Я побежал на станцию. К счастью, от полуночи до 5-6 часов утра пассажирские поезда не останавливались на нашей станции (на линии Курск-Белгород-Харьков), а ночь еще была глубока. Прибежав на станцию, я увидел, что в пустом зале сидели на стульях два наших знакомых жандарма. Я спросил: "Где г-н ротмистр? Мне нужно поговорить с ним по очень срочному делу". - Один ответил: "Они отдыхают" и показал глазами на закрытую дверь в дамскую комнату. Я спросил: "Можно мне войти к нему?" Жандарм повторил: "Они отдыхают", но прямого запрета не изрек. Я погулял по пустому залу и видя, что жандармы дремлют и на меня не обращают внимания, осторожно открыл дверь в дамскую комнату. Ротмистр лежал на диване. Далее последовал разговор, который был одним из важнейших событий моей жизни.
Я: - Г-н ротмистр! Простите, пожалуйста, что я вас беспокою, но мне необходимо поговорить с вами по очень срочному делу!
Он: - Что вам угодно?
Я: - Вот вы сейчас арестовали моего брата по поводу присланной ему посылки с нелегальной литературой. Но это ошибка! Он не имеет к этой литературе никакого отношения. Могли ли вы освободить его, если бы я назвал вам имя того лица, для которого эта посылка действительно предназначалась?
Он: - Да, если бы вы не только назвали имя этого человека, но и представили мне достаточно убедительные данные.
Я: - Данными было бы его собственное сознание.
Он: - Г-н Пушкарев! Не загадывайте мне загадок, а скажите прямо, кто тот человек, о котором вы говорите!
Я: - Это я.
Он приподнялся, сел на диван, опершись руками на стол и, усадив меня, начал "серьезный разговор".
Он: - Вы что же, социалист?
Я: - Г-н ротмистр, видите, я не принадлежу ни к какой партии, но по убеждениям я марксист, и я интересуюсь рабочим движением вообще и жизнью профессиональных московских союзов в частности, и я просил одного моего знакомого прислать газеты и журналы и два-три экземпляра разных нелегальных изданий для собственного чтения. (В думскую эпоху российский гражданин имел право держать у себя и читать любые издания, но если полиция находила у него несколько экземпляров одного нелегального издания, то это уже квалифицировалось как "хранение с целью распространения" и подлежало наказанию).

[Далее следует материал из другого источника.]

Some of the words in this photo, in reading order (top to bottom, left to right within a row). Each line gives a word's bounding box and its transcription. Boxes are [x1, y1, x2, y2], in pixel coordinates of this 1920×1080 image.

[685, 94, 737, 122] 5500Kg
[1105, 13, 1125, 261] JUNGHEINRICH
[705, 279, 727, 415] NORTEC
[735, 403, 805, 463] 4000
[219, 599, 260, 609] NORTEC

Он: - Так знаете, г-н Пушкарев, в этой посылке было не два, а 200 экземпляров нелегальной эсдекской газеты "Правда".
Я (притворяюсь удивленным): - Ну, этого я его присылать не просил.
Он: - А кто этот "он"?
Я: - Я отказываюсь назвать его фамилию.
Он: - А почему, если вы не ожидали получения нелегальной литературы, вы дали вашему знакомому не ваш адрес, а адрес вашего брата?

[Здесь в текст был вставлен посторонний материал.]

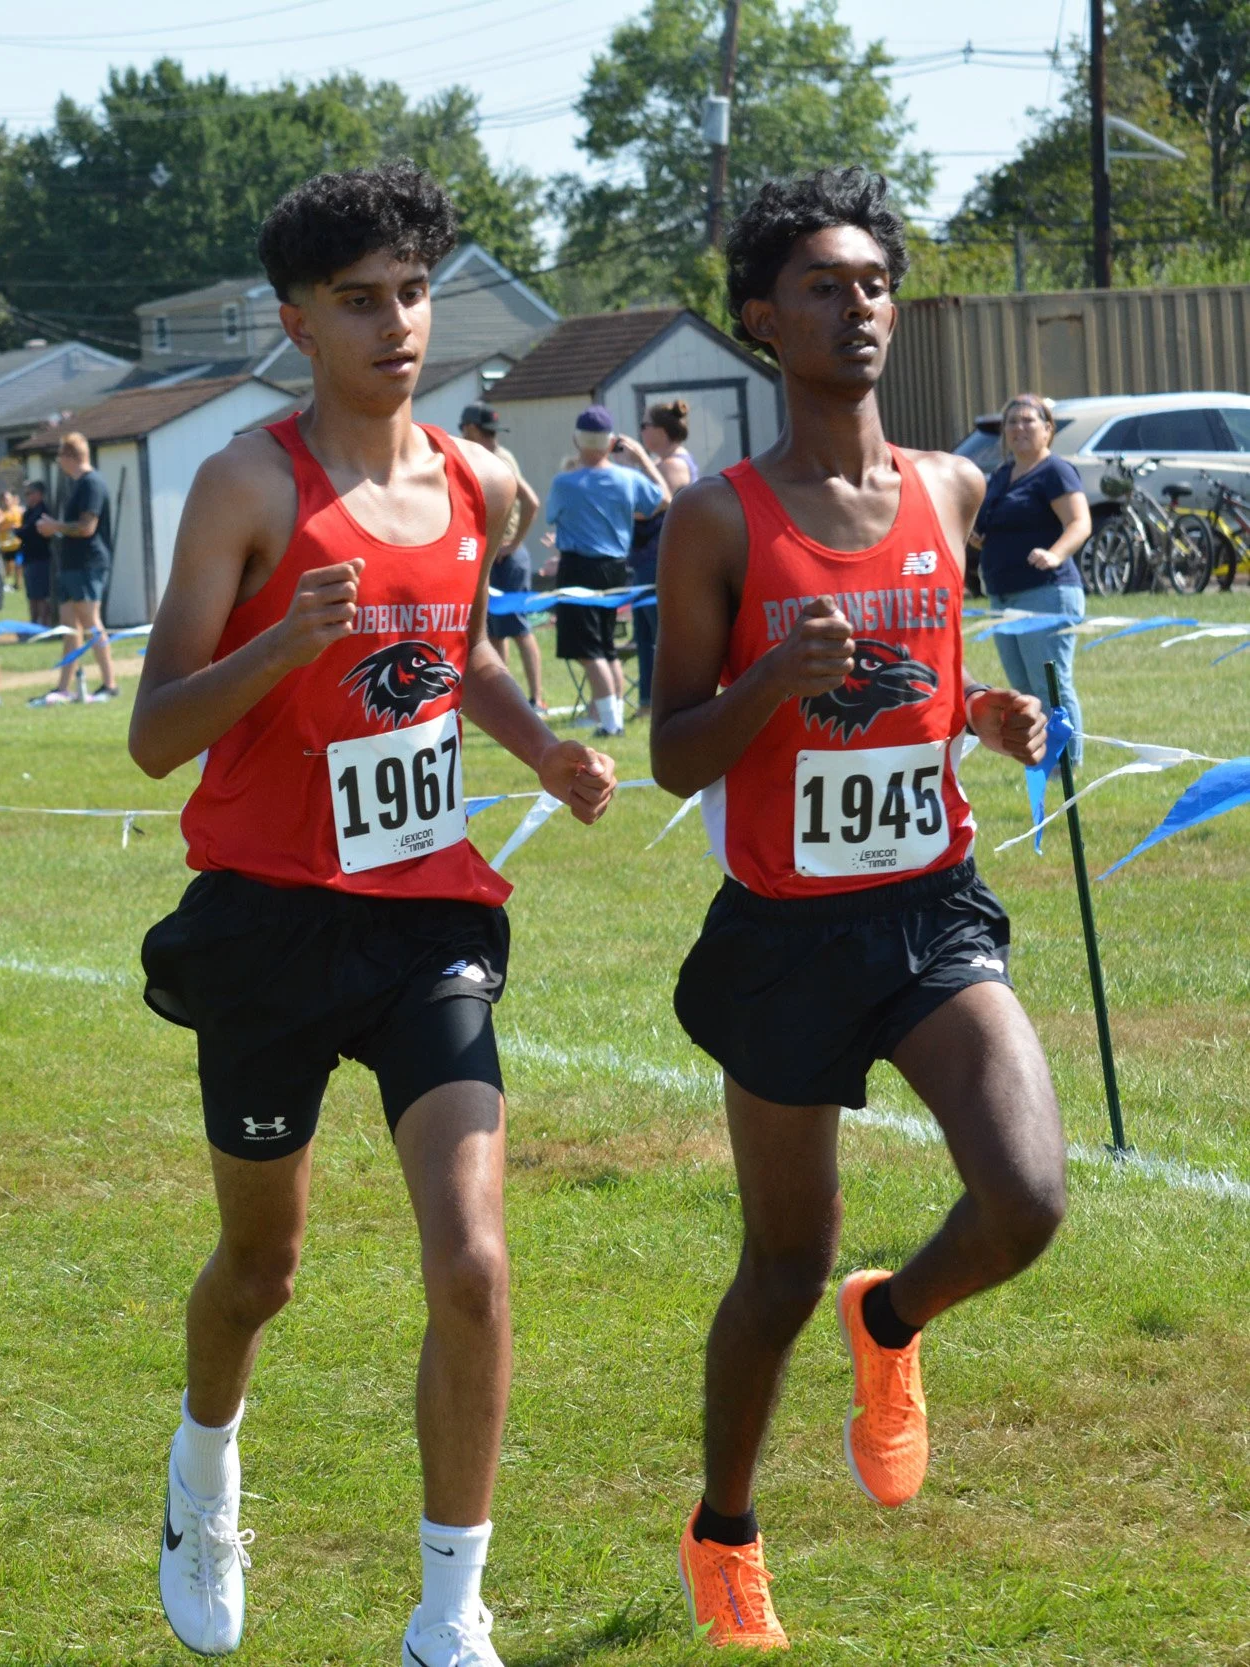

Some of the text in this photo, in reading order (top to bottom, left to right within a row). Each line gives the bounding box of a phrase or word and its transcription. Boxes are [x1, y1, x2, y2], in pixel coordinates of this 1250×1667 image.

Из этого трудного вопроса мне было трудно выпутаться, и я начал мямлить: - Да видите, г-н ротмистр, я не член с.-д. партии, но все таки я, может быть, на подозрении у властей, ибо в Харькове некоторые мои знакомые были арестованы, и власти могли заинтересоваться пакетом, присланным мне из Москвы, а имя и репутация моего брата совершенно безупречны, и никто не стал бы интересоваться его корреспонденцией....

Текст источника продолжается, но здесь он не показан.